Rick Howard: From the poll, can we put the poll results up Jen or shall I do-- oh there it is okay. So, so nobody is using data loss prevention technology to prevent this kind of threat, about 15% for Zero Trust, 8% something else, I wish I had them on the call right now, maybe you guys can submit a question and or, and tell me what you're using and the bulk of us are using a mix of all three. One thing that Abrams mentioned in the article MK was that, you know, during the middle of a ransomware attack and you hire out a consultant group, you know, you go out to a crowd strike or somebody like that alright to come in and help mitigate the problem, you know, immediately they're going to want access to all the things right [LAUGHS], so, and, and he said that, you know, it was kind of interesting that he would list this kind of thing on their tour website after the ransomware has been effective.

Rick Howard: But Abrams said that they're hoping to, you know, throw a net out to the contractors that are looking for the culprits of the ransomware thing and they would run into the recruiting message for insider threat. So one of the things you have to worry about when you hire this CrowdStrike group or, you know, incident response group is not giving the keys to the city because they might be the ones giving you up in the underground, so you have to be careful about that. I thought that was kind of scary [LAUGHS]. What do you, what do you think about that?

MK Palmore: No, definitely scary but again I think as, as you note it and I will certainly note when we get to my topic, it's part of this sort of asymmetric approach that you have to think in terms of how the adversary is going to look to penetrate potential environments. They are always looking for new ways to gain access, again kind of leading the market and we're always, as vendors, and folks responding in the security environment, kind of trailing behind their activities.

Rick Howard: So I got a question from Harry Poppins okay, [LAUGHS] in the chat group right. So here's the question MK. In light of the fact that these bad actors operate within bulletproof hosting infrastructure, would you like to see cyber command take a more offensive approach to dismantling their infrastructure? What do you think about that?

MK Palmore: Interesting. So there's lots of opinions around affirmative approaches to cyber protections, exercise by governments. I think unless and until, let me take it up a degree, unless and until there is some agreement on the global scale between the nations in terms of what represents appropriate and bad behavior on these interconnected systems, I don't think that we appropriately get there without a lot of push back from other nations.

Rick Howard: I, I, I think I would disagree with you on this one, alright. I'm kind of tired of being the whipping boy in all this and, and having, and having that is a problem that we don't have an agreement. One of the reasons that bulletproof hosting services exists is that we don't have law enforcement exchanges with some, you know, eastern block countries like Russia and Ukraine, I guess Ukraine's one of them, not one of them but, you know, that block of countries.

MK Palmore: Right.

Rick Howard: Right. So I would like for known bad guy activity, we know where the REvil infrastructure is okay, we know where, you know, some, you know, 50 groups of these guys are, I don't say I have any problem with cyber command going out there and just dismantling that stuff as they see fit and then we'll see what the governments do to complain about it. You're complaining that we took out a cyber crime group, I, I, I don't see how you can do that, right. Tell me where I'm wrong about that. What kind of trouble would we get into that?

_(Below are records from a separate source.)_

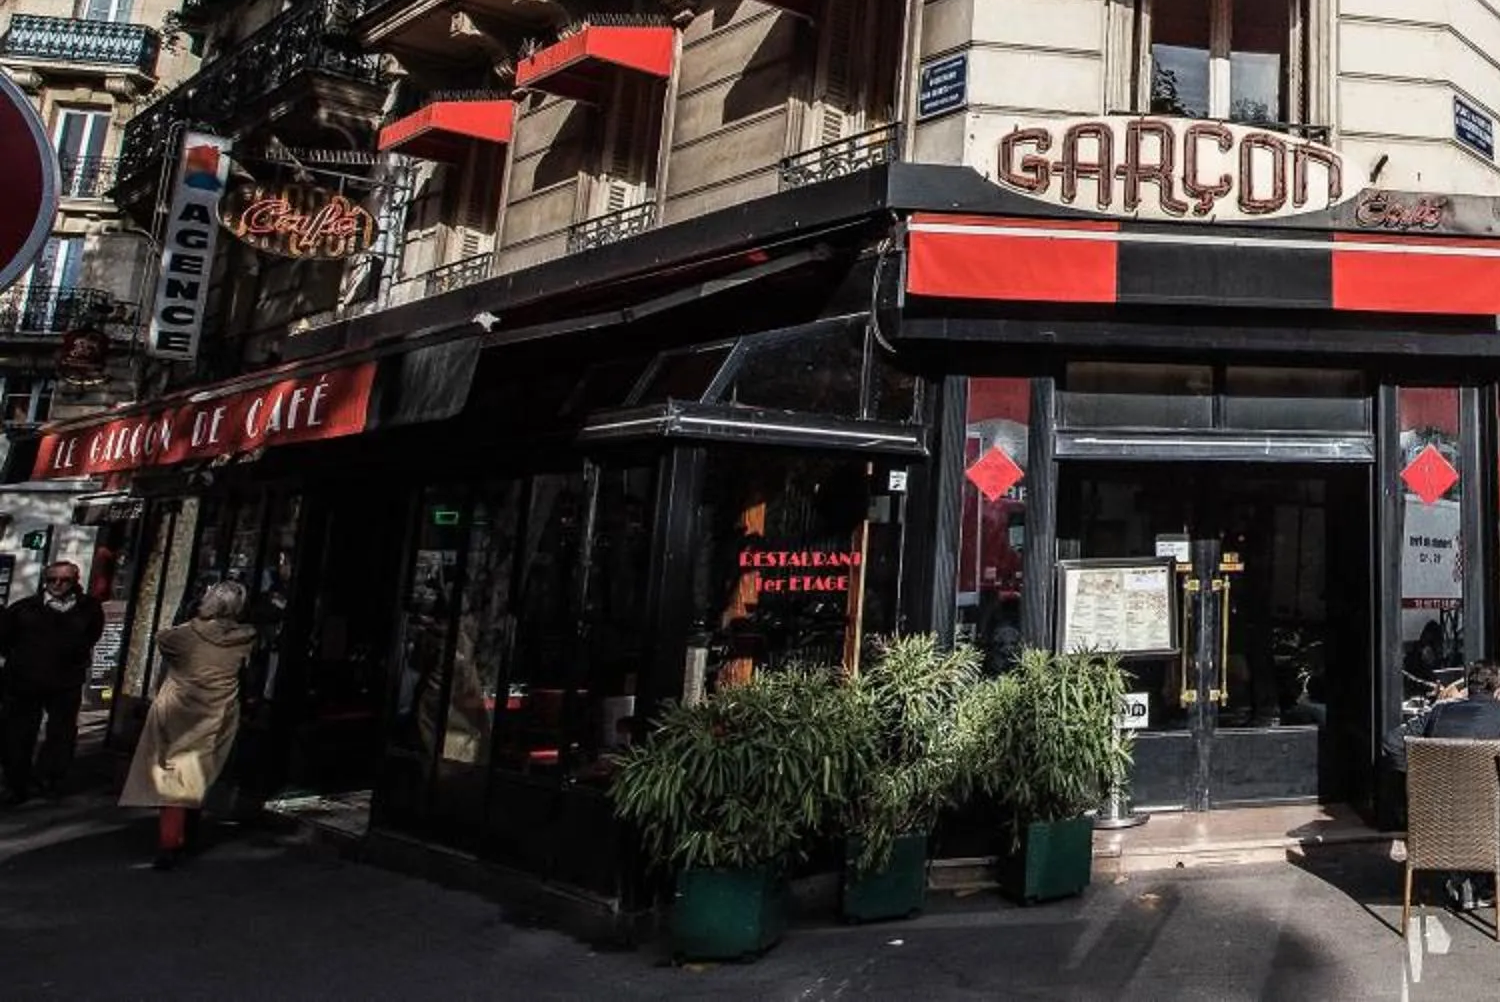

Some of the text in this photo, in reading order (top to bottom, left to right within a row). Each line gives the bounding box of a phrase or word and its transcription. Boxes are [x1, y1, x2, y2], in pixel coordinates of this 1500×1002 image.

[998, 119, 1343, 216] GARÇON
[156, 203, 211, 352] AGENCE
[53, 374, 330, 469] LE GARÇON DE CAFÉ
[739, 551, 861, 567] RESTAURANT
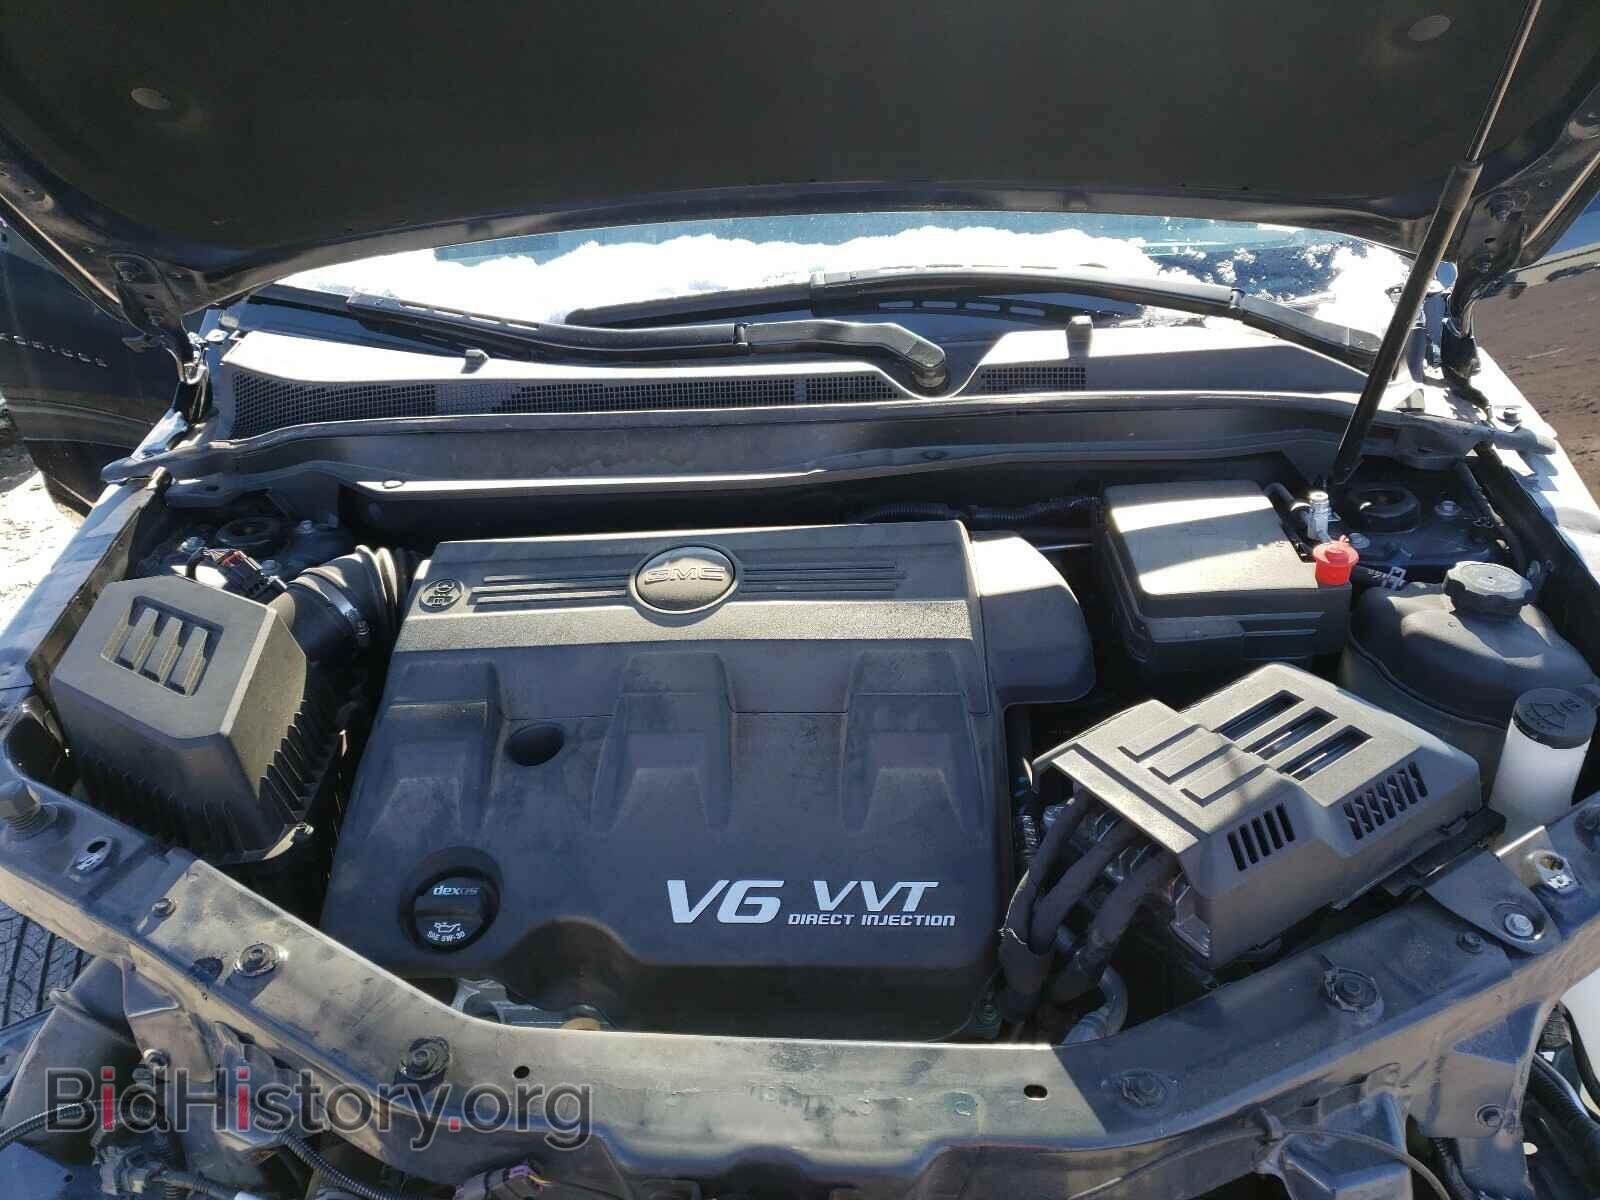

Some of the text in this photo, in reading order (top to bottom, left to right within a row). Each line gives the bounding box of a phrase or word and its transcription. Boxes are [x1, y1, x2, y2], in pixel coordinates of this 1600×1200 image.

[646, 567, 726, 584] GMC
[433, 885, 478, 896] dexos
[667, 879, 939, 924] V6 VVT
[787, 914, 956, 927] DIRECT INJECTION
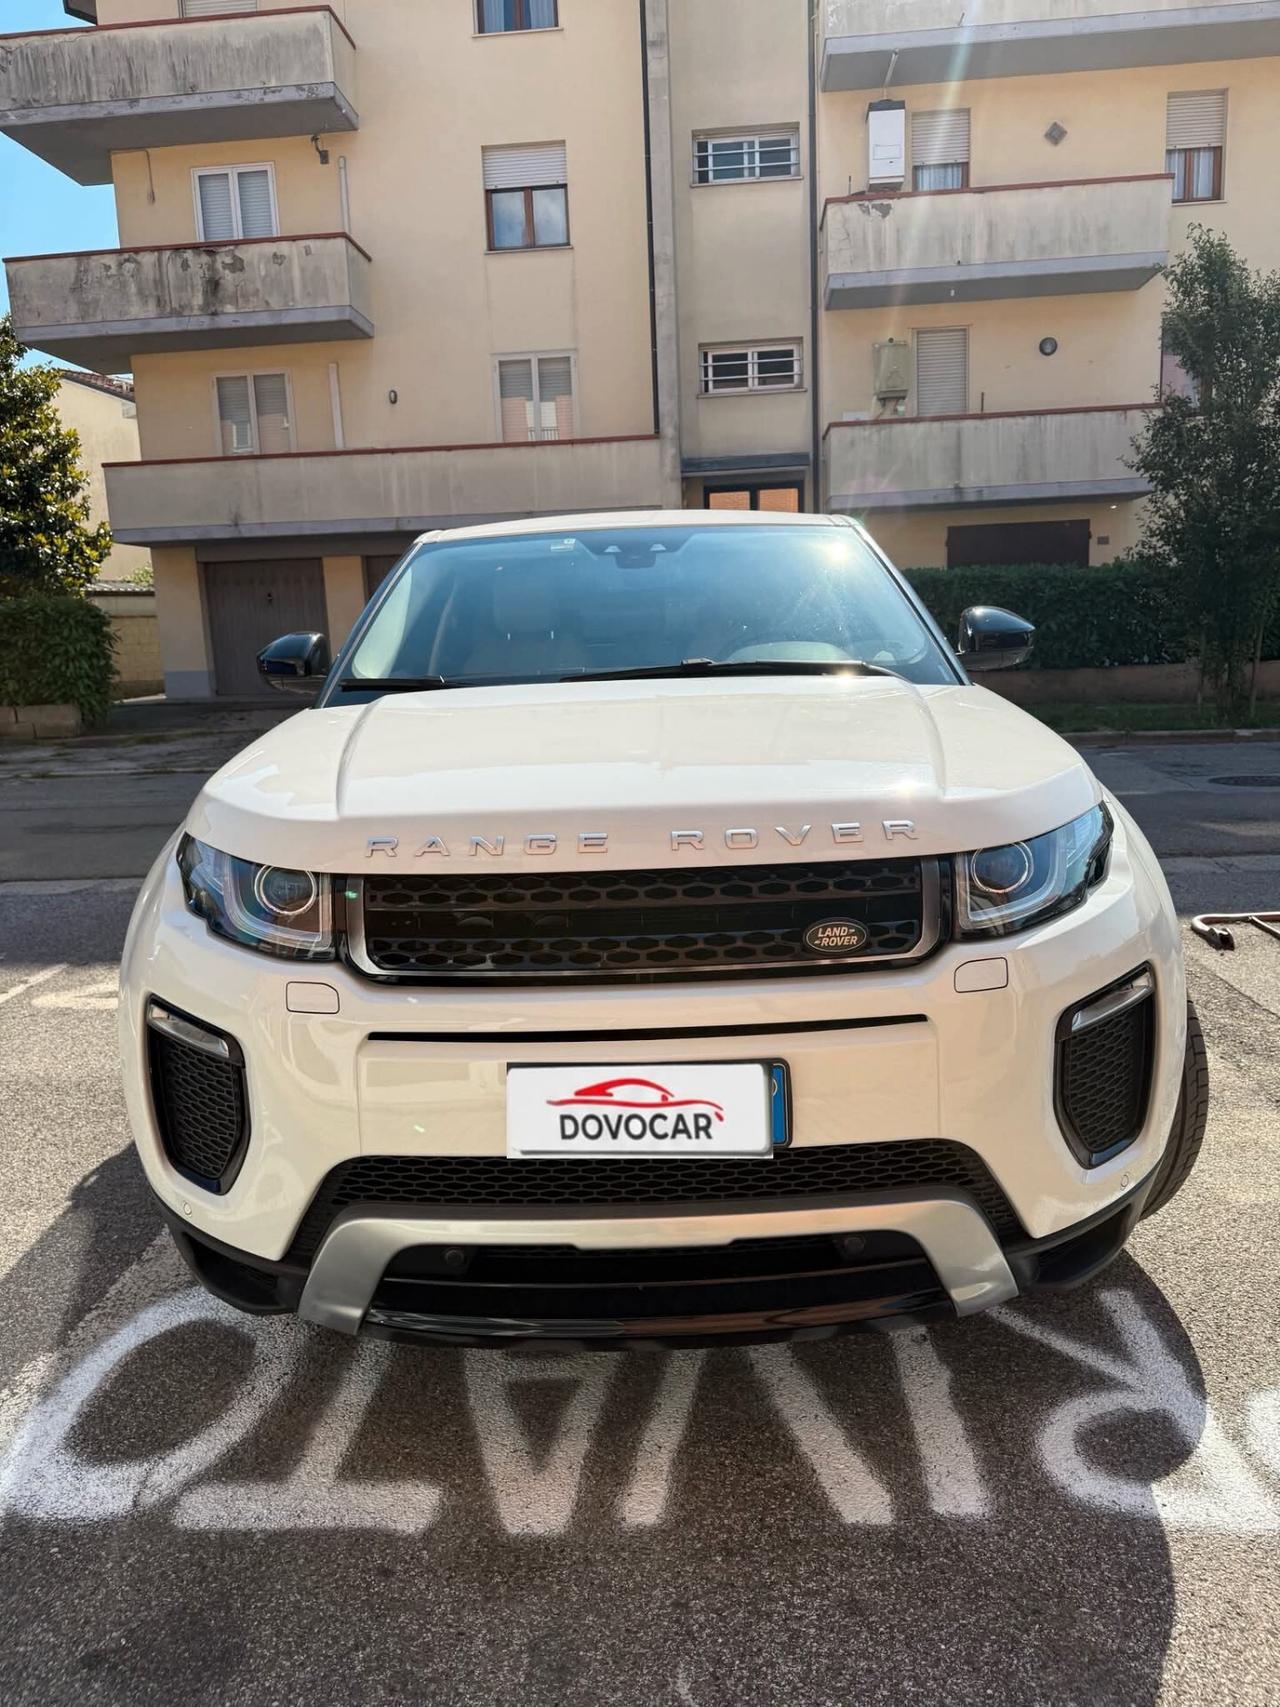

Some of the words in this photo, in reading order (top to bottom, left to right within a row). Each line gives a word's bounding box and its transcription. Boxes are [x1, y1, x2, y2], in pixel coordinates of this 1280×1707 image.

[365, 832, 608, 857] RANGE
[670, 819, 919, 851] ROVER
[818, 927, 848, 937] LAND
[821, 936, 858, 946] ROVER

MK Palmore: Well, I think the trouble you get into is that how confident are you that then our systems are as protected as they need to be for the type of retaliation that might take place for an act like that and that's where I think the, the challenge is for anyone sort of advocating that we take a more aggressive approach on things like this.

Rick Howard: Well you're absolutely right. I, I have an old army boss in mind that's always told us when we got our in, you know, we got on an upper, "We should go attack those guys," he'd always say "You know what, the enemy gets a vote alright, just because you go attack somebody doesn't mean that they're going to lay their arms and say, "Oh, they hit us, I guess we'll need to go away." No, you can guarantee that they will come back at you in spades so you need to be prepared for that.

MK Palmore: Absolutely.

Rick Howard: But I still feel like we should be able to dismantle their infrastructure and, and we should be able to do it faster than they can react, you know. You know, after 35 years of this I'm getting a little tired of being the punching bag. Another question here from listener Yellow Snowman, great name there too by the way, are there some=--

MK Palmore: I'm going to start, I'm going to start calling myself Rogue Leader from my, from my Star Wars affinity.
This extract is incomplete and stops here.